▶ _Task requirements_: Restate the whole of the data below word for word, skipping the images.

▶ _Extracted information_:
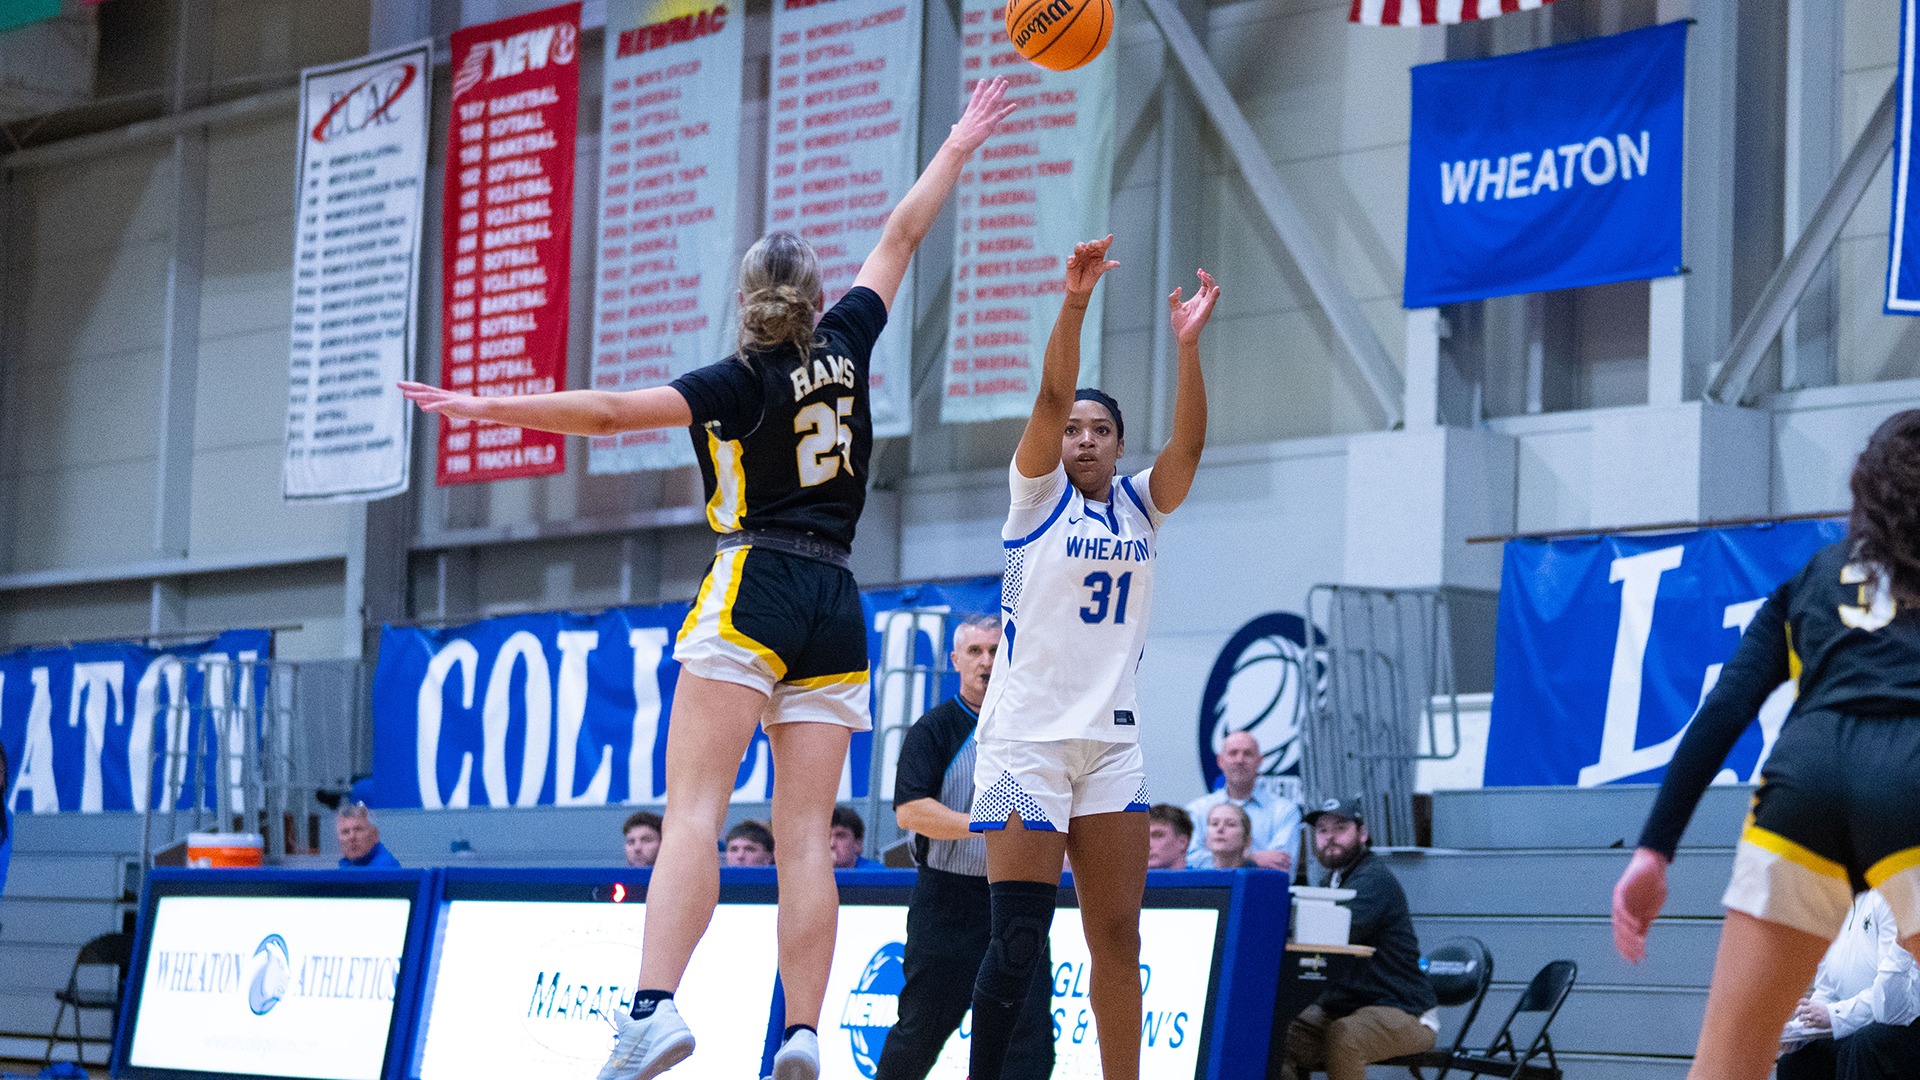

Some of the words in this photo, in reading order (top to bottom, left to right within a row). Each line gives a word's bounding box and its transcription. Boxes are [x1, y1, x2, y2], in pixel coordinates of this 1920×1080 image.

[1014, 0, 1073, 48] Wilson
[1440, 131, 1650, 205] WHEATON
[790, 355, 854, 402] RAMS
[794, 396, 854, 488] 25
[1066, 533, 1150, 562] WHEATON
[1079, 571, 1132, 625] 31
[0, 651, 258, 813] ATON
[156, 951, 247, 993] WHEATON
[295, 955, 401, 1002] ATHLETICS

▶ _Result for this exercise_:
Some of the words in this photo, in reading order (top to bottom, left to right within a row). Each line gives a word's bounding box and its transcription. Boxes are [x1, y1, x2, y2], in pixel coordinates of this 1920×1080 image.

[1014, 0, 1073, 48] Wilson
[1440, 131, 1650, 205] WHEATON
[790, 355, 854, 402] RAMS
[794, 396, 854, 488] 25
[1066, 533, 1150, 562] WHEATON
[1079, 571, 1132, 625] 31
[0, 651, 258, 813] ATON
[156, 951, 247, 993] WHEATON
[295, 955, 401, 1002] ATHLETICS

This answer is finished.